On Thu, Jun 6, 2013 at 12:25 AM, Chen, Xiaoxi <xiaoxi.c...@intel.com> wrote:
>
> Hi,
>          From the code, each pipe (contains a TCP socket) will fork 2 
> threads, a reader and a writer. We really observe 100+ threads per OSD daemon 
> with 30 instances of rados bench as clients.

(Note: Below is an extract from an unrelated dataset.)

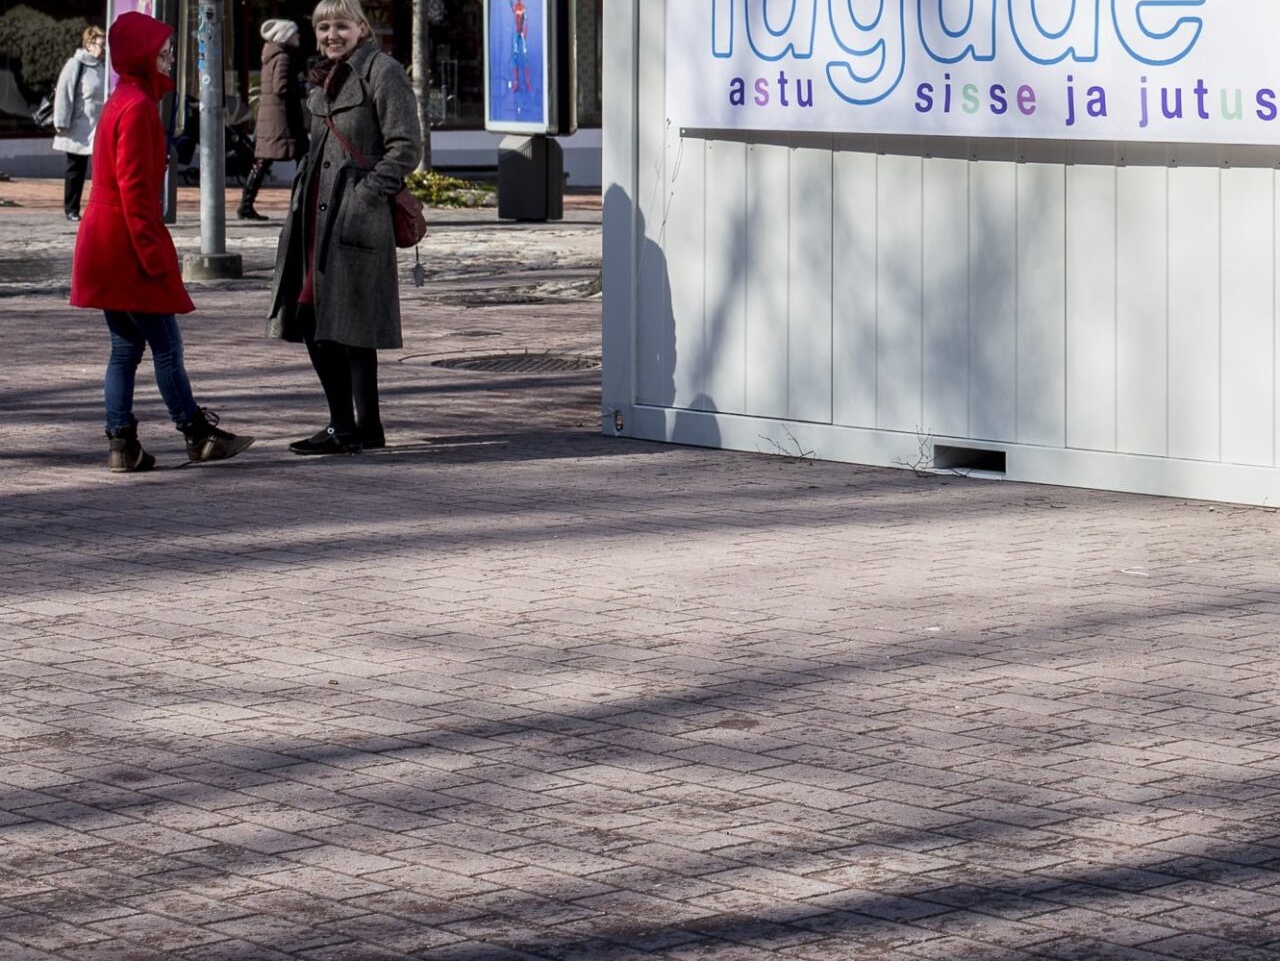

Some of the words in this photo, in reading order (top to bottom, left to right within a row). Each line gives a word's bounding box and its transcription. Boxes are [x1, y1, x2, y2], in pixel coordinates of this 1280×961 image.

>          But this number seems a bit crazy, if I have a 40 disks node, thus I 
> will have 40 OSDs, we plan to have 6 such nodes to serve 120 VMs from 
> OpenStack.  Since a RBD is distributed across all the OSDs, we can expect, 
> for every single OSD daemon, we will have 120 TCP socket, that means 240 
> threads. Thus for 40 OSDs per node, we will have 9600 threads per node. This 
> thread number seems incredible.
>          Is there any internal mechanism to track and manage the number of 
> pipes ? and another question may be , why we need such a lot threads ? why 
> not epoll?
Yep, right now the OSD maintains two threads per connection. That
hasn't been a problem so far (they're fairly cheap threads) and people
run into other limits much earlier — 40 OSDs/node for instance would
require a lot of compute power anyway.
epoll is a good idea and is something we're aware of, but it hasn't
been necessary yet and would involve mucking around with some fairly
sensitive core code so it hasn't risen to the top of anybody's queue.